Global stocks tumbled and US government bonds rallied after a crash in the price of oil rocked financial markets already reeling from the spiralling impact of coronavirus.
London’s FTSE 100 fell 6.5 per cent and was on track for its worst day since the 2008-09 financial crisis. Shares on Wall Street were set for significant declines at the open, after futures tracking the S&P 500 fell 5 per cent, the maximum allowed outside of normal trading hours.
The gyrations across markets followed Saudi Arabia’s weekend decision to launch an oil price war, which sent the price of crude falling as much as 30 per cent as the kingdom threatens to swamp supplies. The drop — the biggest since the Gulf war in 1991 — exacerbated two weeks of intense market turmoil caused by escalating concerns over the economic impact of the coronavirus.
Government bonds rallied as investors piled into the relative safety of sovereign debt and braced for more support from central banks, sending US, German and UK yields to record lows.
Jim Reid, a strategist at Deutsche Bank, said the plunge in oil had led to a “complete capitulation” across other asset classes, while analysts at HSBC said the sudden move in oil prices “could not have come at a worse time” for global markets.
The start of trading in European equities markets was tumultuous: dozens of stocks took several minutes to begin trading with others still not trading half an hour after the opening bell. One trader said many stocks were thrown into volatility auctions which are used to smooth out tumult in individual share prices.
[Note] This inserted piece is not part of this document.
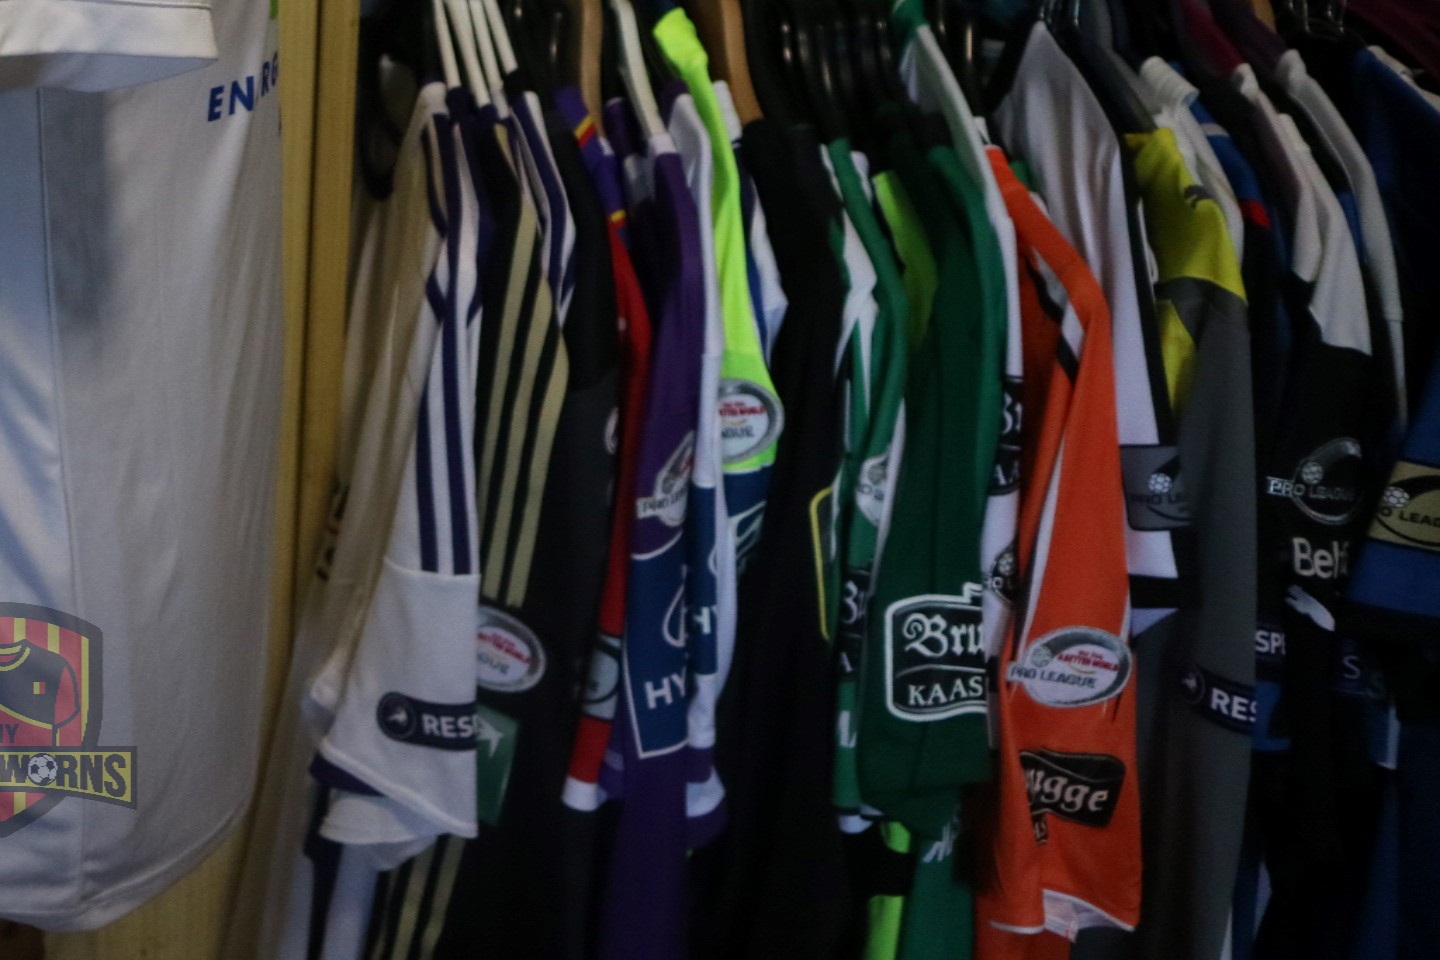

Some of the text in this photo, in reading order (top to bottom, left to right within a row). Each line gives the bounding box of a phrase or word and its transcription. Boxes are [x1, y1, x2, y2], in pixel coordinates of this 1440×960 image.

[1010, 665, 1098, 689] PRO LEAGUE
[421, 712, 478, 739] RES
Stock markets across Europe tumbled, and Italy’s FTSE MIB lost more than a tenth of its value after 16m people in the country’s prosperous north were locked down in an effort to control the country’s virus outbreak. The Stoxx Europe 600 index, which tracks the region’s largest companies, slid into bear market territory — meaning a fall of a fifth since a recent high.
Trading activity was aggressive with more than a billion shares of major European companies trading hands within the first hour after the opening bell — more than three times the average over the past half-year, according to Bloomberg data.
Major energy groups came under acute pressure. Shares in BP and Royal Dutch Shell lost about a fifth of their value in London trading. Smaller oil companies fell more sharply, with the UK’s Premier Oil collapsing in value by a half. Some of Europe’s largest lenders including Société Générale, Deutsche Bank and UniCredit lost around a tenth of their value. Shares in Wall Street’s biggest banks were poised to fall around 10 per cent at the open.
Joachim Fels, global economic adviser at US asset manager Pimco, said a recession in the US and the eurozone in the first half of the year was now “a distinct possibility” and that Japan was “very likely” already in one.
“The worst for the economy is still to come over the next several months,” Mr Fels added.
The 10-year US Treasury bond yield tumbled down through 0.5 per cent to a record low, in the sharpest rally for American sovereign debt in more than a decade. The 30-year US Treasury yield dropped below 1 per cent, taking the entire US yield curve below that level for the first time.
Investors now face the prospect of the 10-year yield — which stood at 1.5 per cent just 18 days ago — soon joining government bonds in Europe and Japan in negative territory.
Interest rate futures now suggest the Federal Reserve will this summer cut its main interest rate back to the historic lows set during the 2008-09 financial crisis of 0 to 0.25 per cent. The Fed last week slashed rates by half a percentage point — the biggest cut since the crisis — to a range of 1 to 1.25 per cent.
Traders moved into haven currencies, with the Japanese yen gaining more than 2 per cent to hit its highest level against the US dollar in more than three years.
The currencies of oil-exposed countries came under heavy pressure. The Russian rouble fell 7 per cent to Rbs74 to the dollar, its weakest since January 2016. Norway’s krone was down 3.1 per cent at NKr9.6. Earlier it fell as much as 4.7 per cent to its lowest level against the US currency since 1985.
“For growth-sensitive and for oil-sensitive currencies, it’s far too early to pick a bottom,” said Kit Juckes, at Société Générale.
Japan’s benchmark Topix closed down 5.6 per cent, meeting the technical definition of a bear market. The decline was the index’s biggest one-day fall since the 2016 Brexit vote. The yen, seen as a haven during times of market uncertainty, strengthened as much as 3.6 per cent against the dollar to ¥101.57, the highest in more than three years.
Sydney’s S&P/ASX 200 fell 7.3 per cent, marking its worst one-day fall since the global financial crisis, while China’s CSI 300 shed 3.4 per cent and Hong Kong’s Hang Seng lost 4.2 per cent.
The Australian dollar experienced a “flash crash”, plunging almost 5 per cent against the US dollar in just 20 minutes to briefly touch its lowest level since the global financial crisis in 2008. Traders blamed algorithmic trading platforms affecting market liquidity.